In a human brain that likely happens in some distributed fashion without
considering individual classes, but by just inhibiting everything that can't
be verified upon looking twice (or more times).

------
Houshalter
Awhile ago I tried an interesting experiment. I fed a famous psychology image
into a bunch of different image recognition systems.

This image: [https://i.imgur.com/2aCqMx2.png](https://i.imgur.com/2aCqMx2.png)

And here are the results:
[https://imgur.com/a/8ndyq](https://imgur.com/a/8ndyq)

This doesn’t really prove anything, but I thought it was interesting. It is of
course, unreasonable to expect ML algorithms to perform decently, so far
outside of the space they were trained on.

But I suspect that part of the reason they don’t do well is that they are
purely feed forward. Humans also don’t see the image at first. It takes time
to find the pattern, and then everything clicks into place and you can’t unsee
it.

This might have something to do with recurrency. But more importantly,
information feeds down the hierarchy as well as up. Features above, give
information back down to features below. So once you see the dog, that tells
the lower level features that they are seeing legs and heads, which says they
are seeing outlines of more basic 3 dimensional shapes, and so on.
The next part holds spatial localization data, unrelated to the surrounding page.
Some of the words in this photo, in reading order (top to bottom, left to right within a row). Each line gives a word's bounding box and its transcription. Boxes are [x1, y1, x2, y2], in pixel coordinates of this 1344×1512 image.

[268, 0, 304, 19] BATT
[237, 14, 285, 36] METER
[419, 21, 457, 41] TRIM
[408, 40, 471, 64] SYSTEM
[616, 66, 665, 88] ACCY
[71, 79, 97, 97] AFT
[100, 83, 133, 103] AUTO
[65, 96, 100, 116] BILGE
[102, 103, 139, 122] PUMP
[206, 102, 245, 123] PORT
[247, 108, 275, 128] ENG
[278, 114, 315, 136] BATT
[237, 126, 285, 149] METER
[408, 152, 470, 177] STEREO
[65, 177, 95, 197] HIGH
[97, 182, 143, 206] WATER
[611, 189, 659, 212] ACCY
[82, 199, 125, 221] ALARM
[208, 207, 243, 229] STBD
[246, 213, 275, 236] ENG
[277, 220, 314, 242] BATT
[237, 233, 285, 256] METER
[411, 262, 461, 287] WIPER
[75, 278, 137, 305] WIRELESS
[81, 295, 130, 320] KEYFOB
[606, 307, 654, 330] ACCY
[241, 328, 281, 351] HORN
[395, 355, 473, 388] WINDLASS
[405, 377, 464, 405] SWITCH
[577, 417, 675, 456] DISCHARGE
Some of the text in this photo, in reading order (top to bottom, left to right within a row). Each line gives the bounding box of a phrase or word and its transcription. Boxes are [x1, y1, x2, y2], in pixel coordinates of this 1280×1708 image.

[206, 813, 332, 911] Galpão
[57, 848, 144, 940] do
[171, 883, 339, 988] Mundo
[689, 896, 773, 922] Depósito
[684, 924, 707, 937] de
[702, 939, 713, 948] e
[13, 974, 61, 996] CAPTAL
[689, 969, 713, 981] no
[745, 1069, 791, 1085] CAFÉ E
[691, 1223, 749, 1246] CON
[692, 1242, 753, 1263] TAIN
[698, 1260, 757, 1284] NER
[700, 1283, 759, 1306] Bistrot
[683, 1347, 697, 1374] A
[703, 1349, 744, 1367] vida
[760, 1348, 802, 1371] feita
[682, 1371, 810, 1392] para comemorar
I think it also requires a descent understanding of 3d space, to fit the
observed pattern to 3d models which could have produced it. I’m not certain if
regular NNs observing static images, are optimal for learning that.

More here:
[https://www.reddit.com/r/MachineLearning/comments/399ooe/tes...](https://www.reddit.com/r/MachineLearning/comments/399ooe/testing_image_recognition_platforms_on_a_famous/)

------
dlss
For context, ImageNet _does_ have a sofa category for labels :/

[http://image-net.org/search?q=sofa](http://image-net.org/search?q=sofa)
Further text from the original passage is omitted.